** Opening Data excerpts block **

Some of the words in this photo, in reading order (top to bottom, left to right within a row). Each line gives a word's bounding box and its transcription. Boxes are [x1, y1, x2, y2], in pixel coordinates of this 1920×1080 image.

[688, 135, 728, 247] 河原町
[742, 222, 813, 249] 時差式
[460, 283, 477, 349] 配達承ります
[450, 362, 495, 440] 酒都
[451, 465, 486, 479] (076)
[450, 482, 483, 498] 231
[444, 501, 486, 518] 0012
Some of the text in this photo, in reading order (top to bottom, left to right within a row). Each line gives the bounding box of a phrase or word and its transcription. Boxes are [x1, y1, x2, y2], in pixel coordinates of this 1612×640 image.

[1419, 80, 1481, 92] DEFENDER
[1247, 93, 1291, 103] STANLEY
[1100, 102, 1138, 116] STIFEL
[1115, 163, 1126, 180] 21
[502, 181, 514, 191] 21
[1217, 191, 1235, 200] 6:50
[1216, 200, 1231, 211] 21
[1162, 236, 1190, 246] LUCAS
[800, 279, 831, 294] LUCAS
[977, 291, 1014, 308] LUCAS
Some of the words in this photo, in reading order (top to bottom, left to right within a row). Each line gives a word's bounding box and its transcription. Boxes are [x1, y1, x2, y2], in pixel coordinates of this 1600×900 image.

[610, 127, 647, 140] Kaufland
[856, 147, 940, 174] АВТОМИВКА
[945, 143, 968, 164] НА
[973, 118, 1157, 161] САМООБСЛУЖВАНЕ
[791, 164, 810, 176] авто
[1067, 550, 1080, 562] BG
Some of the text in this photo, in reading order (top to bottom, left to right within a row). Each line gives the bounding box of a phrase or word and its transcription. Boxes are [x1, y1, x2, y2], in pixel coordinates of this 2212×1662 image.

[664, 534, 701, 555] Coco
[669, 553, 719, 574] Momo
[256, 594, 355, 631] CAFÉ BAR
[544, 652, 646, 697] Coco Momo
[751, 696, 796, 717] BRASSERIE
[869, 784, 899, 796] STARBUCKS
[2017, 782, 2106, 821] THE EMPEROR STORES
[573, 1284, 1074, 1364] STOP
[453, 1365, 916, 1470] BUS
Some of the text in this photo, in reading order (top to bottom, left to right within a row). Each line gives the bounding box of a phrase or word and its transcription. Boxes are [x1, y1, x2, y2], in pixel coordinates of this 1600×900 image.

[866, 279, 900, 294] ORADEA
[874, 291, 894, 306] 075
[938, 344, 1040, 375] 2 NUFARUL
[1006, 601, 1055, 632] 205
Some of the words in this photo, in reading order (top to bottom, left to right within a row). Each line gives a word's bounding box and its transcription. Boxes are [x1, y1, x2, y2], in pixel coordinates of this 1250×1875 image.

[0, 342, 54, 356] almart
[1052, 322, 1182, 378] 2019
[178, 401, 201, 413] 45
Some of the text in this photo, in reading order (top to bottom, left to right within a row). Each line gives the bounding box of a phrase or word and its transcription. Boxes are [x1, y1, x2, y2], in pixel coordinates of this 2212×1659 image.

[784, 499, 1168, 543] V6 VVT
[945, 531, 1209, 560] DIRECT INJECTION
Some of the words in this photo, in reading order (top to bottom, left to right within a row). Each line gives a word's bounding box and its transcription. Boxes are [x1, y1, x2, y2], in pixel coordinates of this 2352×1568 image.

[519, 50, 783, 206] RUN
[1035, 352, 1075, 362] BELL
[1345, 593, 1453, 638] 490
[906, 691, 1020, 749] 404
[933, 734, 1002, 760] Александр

** Closing Data excerpts block **

§ Task directions:
Your job is to copy all the records exactly.

§ Completed task:
Some of the words in this photo, in reading order (top to bottom, left to right within a row). Each line gives a word's bounding box and its transcription. Boxes are [x1, y1, x2, y2], in pixel coordinates of this 1920×1080 image.

[688, 135, 728, 247] 河原町
[742, 222, 813, 249] 時差式
[460, 283, 477, 349] 配達承ります
[450, 362, 495, 440] 酒都
[451, 465, 486, 479] (076)
[450, 482, 483, 498] 231
[444, 501, 486, 518] 0012
Some of the text in this photo, in reading order (top to bottom, left to right within a row). Each line gives the bounding box of a phrase or word and its transcription. Boxes are [x1, y1, x2, y2], in pixel coordinates of this 1612×640 image.

[1419, 80, 1481, 92] DEFENDER
[1247, 93, 1291, 103] STANLEY
[1100, 102, 1138, 116] STIFEL
[1115, 163, 1126, 180] 21
[502, 181, 514, 191] 21
[1217, 191, 1235, 200] 6:50
[1216, 200, 1231, 211] 21
[1162, 236, 1190, 246] LUCAS
[800, 279, 831, 294] LUCAS
[977, 291, 1014, 308] LUCAS
Some of the words in this photo, in reading order (top to bottom, left to right within a row). Each line gives a word's bounding box and its transcription. Boxes are [x1, y1, x2, y2], in pixel coordinates of this 1600×900 image.

[610, 127, 647, 140] Kaufland
[856, 147, 940, 174] АВТОМИВКА
[945, 143, 968, 164] НА
[973, 118, 1157, 161] САМООБСЛУЖВАНЕ
[791, 164, 810, 176] авто
[1067, 550, 1080, 562] BG
Some of the text in this photo, in reading order (top to bottom, left to right within a row). Each line gives the bounding box of a phrase or word and its transcription. Boxes are [x1, y1, x2, y2], in pixel coordinates of this 2212×1662 image.

[664, 534, 701, 555] Coco
[669, 553, 719, 574] Momo
[256, 594, 355, 631] CAFÉ BAR
[544, 652, 646, 697] Coco Momo
[751, 696, 796, 717] BRASSERIE
[869, 784, 899, 796] STARBUCKS
[2017, 782, 2106, 821] THE EMPEROR STORES
[573, 1284, 1074, 1364] STOP
[453, 1365, 916, 1470] BUS
Some of the text in this photo, in reading order (top to bottom, left to right within a row). Each line gives the bounding box of a phrase or word and its transcription. Boxes are [x1, y1, x2, y2], in pixel coordinates of this 1600×900 image.

[866, 279, 900, 294] ORADEA
[874, 291, 894, 306] 075
[938, 344, 1040, 375] 2 NUFARUL
[1006, 601, 1055, 632] 205
Some of the words in this photo, in reading order (top to bottom, left to right within a row). Each line gives a word's bounding box and its transcription. Boxes are [x1, y1, x2, y2], in pixel coordinates of this 1250×1875 image.

[0, 342, 54, 356] almart
[1052, 322, 1182, 378] 2019
[178, 401, 201, 413] 45
Some of the text in this photo, in reading order (top to bottom, left to right within a row). Each line gives the bounding box of a phrase or word and its transcription. Boxes are [x1, y1, x2, y2], in pixel coordinates of this 2212×1659 image.

[784, 499, 1168, 543] V6 VVT
[945, 531, 1209, 560] DIRECT INJECTION
Some of the words in this photo, in reading order (top to bottom, left to right within a row). Each line gives a word's bounding box and its transcription. Boxes are [x1, y1, x2, y2], in pixel coordinates of this 2352×1568 image.

[519, 50, 783, 206] RUN
[1035, 352, 1075, 362] BELL
[1345, 593, 1453, 638] 490
[906, 691, 1020, 749] 404
[933, 734, 1002, 760] Александр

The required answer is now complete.